**TASK TO CARRY OUT**
Exactly the lines from the one with "this 1920×1078 image." through the last line of the listing must be given again.

**LISTED ENTRIES**
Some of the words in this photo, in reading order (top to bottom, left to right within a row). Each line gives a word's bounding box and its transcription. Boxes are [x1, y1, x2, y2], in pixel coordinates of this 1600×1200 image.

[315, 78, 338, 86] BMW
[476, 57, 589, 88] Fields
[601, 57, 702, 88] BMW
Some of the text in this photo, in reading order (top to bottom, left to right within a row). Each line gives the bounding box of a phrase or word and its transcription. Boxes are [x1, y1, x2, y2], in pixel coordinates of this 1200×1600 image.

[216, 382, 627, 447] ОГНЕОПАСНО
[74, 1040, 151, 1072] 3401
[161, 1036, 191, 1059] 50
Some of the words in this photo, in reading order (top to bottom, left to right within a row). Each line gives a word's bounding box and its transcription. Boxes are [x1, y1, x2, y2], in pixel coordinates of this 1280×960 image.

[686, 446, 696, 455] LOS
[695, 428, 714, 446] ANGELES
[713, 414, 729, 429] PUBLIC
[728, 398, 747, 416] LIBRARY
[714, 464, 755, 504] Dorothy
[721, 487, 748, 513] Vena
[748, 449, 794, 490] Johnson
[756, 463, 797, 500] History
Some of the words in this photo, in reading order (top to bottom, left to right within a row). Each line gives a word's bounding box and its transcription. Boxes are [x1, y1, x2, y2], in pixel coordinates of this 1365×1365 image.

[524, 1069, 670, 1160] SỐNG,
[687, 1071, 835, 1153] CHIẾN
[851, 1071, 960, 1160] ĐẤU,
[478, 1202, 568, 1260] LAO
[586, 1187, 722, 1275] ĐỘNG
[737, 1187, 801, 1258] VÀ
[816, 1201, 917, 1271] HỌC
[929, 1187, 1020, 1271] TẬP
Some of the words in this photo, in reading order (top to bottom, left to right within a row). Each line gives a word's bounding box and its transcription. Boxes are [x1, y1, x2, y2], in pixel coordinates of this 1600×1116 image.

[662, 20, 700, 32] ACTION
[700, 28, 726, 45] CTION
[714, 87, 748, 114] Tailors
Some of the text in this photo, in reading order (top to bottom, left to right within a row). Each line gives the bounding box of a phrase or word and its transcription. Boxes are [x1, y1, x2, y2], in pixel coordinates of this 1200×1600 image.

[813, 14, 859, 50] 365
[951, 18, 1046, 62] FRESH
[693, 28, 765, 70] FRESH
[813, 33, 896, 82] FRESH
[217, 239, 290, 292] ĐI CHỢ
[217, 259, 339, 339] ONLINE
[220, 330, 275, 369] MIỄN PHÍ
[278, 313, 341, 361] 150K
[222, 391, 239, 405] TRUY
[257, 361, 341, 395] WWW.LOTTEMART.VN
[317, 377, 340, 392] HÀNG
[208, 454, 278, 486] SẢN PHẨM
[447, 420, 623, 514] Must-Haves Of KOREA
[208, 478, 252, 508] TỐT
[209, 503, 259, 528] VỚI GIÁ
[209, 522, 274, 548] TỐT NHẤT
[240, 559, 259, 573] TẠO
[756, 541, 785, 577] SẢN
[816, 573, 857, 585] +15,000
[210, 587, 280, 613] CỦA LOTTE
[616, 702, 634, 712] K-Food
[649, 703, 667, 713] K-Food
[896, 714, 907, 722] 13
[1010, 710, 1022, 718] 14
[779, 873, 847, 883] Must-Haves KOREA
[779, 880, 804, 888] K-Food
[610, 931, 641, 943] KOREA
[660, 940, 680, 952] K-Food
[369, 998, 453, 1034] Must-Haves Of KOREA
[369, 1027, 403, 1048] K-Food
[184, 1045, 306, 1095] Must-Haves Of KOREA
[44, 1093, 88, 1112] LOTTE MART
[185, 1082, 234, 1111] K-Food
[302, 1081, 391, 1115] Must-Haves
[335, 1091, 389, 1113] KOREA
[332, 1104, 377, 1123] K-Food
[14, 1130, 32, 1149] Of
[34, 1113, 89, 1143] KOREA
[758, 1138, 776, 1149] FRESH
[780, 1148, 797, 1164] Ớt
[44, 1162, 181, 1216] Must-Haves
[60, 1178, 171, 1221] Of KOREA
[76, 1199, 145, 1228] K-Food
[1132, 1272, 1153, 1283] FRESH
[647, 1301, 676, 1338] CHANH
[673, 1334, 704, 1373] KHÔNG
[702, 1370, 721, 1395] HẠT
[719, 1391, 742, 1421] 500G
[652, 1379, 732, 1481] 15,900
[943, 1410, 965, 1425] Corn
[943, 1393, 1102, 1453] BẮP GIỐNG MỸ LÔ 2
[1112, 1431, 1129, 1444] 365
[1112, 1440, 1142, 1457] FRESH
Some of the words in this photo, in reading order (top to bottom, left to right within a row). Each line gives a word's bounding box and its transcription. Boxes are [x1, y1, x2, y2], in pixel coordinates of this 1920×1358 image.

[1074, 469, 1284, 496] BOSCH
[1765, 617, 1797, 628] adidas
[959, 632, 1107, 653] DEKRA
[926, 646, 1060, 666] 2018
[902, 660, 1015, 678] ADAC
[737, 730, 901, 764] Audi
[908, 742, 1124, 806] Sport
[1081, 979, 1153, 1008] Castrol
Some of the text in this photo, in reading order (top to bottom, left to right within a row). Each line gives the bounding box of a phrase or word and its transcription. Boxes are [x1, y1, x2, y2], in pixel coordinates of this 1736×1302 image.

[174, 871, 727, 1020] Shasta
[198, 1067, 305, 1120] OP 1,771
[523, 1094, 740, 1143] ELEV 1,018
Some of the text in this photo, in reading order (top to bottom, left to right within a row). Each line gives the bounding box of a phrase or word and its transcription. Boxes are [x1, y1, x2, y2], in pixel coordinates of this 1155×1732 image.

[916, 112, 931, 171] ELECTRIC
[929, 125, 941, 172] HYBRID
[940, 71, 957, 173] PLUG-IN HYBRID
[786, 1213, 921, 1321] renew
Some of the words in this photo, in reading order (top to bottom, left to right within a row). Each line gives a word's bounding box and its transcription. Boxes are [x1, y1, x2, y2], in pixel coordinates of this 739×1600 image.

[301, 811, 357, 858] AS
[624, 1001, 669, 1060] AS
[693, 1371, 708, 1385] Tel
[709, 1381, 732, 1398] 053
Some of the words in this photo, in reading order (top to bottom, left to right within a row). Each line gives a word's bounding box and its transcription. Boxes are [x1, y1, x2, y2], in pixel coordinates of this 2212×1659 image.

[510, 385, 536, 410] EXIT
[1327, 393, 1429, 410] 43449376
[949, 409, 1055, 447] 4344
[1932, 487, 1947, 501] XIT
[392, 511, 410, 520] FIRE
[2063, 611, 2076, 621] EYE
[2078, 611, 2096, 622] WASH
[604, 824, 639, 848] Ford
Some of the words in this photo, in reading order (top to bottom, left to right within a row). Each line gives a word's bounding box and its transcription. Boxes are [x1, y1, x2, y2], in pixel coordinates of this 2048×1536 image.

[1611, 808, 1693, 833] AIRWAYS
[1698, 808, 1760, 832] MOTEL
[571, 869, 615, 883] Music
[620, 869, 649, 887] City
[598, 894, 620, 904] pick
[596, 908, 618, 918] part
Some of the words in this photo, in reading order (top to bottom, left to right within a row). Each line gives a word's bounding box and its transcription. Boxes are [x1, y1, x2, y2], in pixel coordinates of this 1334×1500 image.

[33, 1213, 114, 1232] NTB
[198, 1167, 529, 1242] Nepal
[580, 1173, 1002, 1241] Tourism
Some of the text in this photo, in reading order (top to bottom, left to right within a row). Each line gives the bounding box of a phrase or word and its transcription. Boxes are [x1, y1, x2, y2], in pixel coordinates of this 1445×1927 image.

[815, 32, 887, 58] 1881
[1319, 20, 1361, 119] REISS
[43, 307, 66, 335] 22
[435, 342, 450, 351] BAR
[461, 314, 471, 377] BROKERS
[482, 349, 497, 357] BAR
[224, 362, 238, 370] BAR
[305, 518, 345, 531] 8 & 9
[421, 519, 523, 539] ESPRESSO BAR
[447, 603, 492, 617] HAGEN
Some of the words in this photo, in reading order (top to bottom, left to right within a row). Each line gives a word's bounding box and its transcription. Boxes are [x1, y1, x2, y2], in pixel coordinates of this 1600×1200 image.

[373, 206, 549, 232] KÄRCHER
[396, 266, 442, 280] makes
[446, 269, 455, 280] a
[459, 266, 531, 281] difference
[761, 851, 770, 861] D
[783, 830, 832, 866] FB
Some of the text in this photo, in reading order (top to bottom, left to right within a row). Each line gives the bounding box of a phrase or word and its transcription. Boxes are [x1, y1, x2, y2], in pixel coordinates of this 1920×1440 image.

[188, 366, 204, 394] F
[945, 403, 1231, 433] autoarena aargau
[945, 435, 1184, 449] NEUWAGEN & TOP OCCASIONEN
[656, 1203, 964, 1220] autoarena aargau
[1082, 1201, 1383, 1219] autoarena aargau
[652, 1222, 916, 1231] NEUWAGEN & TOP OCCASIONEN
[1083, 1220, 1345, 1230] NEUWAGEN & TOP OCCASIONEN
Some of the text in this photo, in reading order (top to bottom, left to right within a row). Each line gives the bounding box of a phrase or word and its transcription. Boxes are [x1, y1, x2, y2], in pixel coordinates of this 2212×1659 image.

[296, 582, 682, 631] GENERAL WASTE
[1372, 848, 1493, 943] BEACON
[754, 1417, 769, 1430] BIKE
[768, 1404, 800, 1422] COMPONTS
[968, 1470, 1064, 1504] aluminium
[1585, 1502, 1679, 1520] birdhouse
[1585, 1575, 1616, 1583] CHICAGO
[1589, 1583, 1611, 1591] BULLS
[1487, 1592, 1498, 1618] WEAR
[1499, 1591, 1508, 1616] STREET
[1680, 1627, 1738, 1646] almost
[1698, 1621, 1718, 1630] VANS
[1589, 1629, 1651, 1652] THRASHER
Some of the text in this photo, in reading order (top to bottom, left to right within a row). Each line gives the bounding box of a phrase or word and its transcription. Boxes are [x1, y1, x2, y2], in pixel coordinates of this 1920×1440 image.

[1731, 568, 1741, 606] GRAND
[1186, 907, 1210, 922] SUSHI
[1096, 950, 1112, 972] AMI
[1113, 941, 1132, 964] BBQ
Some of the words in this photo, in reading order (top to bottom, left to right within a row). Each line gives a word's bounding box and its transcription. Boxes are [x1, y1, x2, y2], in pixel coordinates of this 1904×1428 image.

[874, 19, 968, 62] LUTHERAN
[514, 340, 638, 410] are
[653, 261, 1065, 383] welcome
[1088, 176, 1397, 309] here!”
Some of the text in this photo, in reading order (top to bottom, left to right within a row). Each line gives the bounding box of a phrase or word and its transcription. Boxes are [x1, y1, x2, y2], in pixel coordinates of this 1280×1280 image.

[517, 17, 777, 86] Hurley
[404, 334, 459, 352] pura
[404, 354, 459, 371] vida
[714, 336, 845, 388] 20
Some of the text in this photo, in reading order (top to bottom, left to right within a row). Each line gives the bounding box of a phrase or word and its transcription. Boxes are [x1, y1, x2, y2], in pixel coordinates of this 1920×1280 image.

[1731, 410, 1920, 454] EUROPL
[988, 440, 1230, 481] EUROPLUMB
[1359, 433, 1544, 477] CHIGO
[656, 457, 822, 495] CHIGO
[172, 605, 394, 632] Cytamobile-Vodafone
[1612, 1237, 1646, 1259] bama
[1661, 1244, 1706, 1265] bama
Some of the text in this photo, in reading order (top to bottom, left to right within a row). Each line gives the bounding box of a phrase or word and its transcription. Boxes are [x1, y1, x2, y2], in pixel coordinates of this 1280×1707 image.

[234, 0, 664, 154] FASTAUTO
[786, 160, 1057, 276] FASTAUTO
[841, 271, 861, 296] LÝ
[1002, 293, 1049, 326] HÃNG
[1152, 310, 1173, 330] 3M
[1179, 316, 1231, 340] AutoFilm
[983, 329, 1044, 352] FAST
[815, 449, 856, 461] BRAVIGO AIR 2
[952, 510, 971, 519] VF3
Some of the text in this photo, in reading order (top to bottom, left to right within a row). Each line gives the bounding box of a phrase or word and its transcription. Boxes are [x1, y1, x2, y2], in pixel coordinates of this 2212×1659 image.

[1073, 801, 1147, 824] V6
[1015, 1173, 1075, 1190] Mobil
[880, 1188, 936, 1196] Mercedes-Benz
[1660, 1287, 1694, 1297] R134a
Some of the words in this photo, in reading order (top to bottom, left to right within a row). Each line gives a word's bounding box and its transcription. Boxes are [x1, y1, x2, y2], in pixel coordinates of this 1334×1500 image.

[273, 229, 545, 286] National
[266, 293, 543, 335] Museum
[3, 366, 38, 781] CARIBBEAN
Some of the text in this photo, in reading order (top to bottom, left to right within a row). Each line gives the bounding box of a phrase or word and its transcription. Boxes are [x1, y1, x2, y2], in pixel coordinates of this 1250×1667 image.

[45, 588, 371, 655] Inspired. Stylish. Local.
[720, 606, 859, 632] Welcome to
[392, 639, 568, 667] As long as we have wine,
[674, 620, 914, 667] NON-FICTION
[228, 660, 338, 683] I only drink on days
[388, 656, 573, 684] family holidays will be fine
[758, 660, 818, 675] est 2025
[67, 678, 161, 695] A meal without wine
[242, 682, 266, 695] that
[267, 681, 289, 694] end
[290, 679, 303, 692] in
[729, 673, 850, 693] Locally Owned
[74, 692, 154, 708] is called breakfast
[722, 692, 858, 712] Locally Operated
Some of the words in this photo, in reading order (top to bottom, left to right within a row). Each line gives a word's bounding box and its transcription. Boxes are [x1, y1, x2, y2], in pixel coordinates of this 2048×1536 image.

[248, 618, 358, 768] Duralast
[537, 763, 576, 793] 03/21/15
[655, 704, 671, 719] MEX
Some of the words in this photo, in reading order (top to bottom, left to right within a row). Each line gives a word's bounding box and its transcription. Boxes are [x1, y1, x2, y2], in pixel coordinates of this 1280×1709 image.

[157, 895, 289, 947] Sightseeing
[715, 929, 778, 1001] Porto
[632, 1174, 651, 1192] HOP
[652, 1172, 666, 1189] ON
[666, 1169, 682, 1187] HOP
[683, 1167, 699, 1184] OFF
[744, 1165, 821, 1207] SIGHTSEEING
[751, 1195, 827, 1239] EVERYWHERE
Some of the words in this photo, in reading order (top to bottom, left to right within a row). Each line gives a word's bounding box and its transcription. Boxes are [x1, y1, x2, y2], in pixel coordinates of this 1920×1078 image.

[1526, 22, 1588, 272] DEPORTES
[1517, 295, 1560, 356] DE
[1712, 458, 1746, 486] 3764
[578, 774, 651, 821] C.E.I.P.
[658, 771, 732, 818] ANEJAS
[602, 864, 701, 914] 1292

**RESPONSE BELOW**
Some of the words in this photo, in reading order (top to bottom, left to right within a row). Each line gives a word's bounding box and its transcription. Boxes are [x1, y1, x2, y2], in pixel coordinates of this 1920×1078 image.

[1526, 22, 1588, 272] DEPORTES
[1517, 295, 1560, 356] DE
[1712, 458, 1746, 486] 3764
[578, 774, 651, 821] C.E.I.P.
[658, 771, 732, 818] ANEJAS
[602, 864, 701, 914] 1292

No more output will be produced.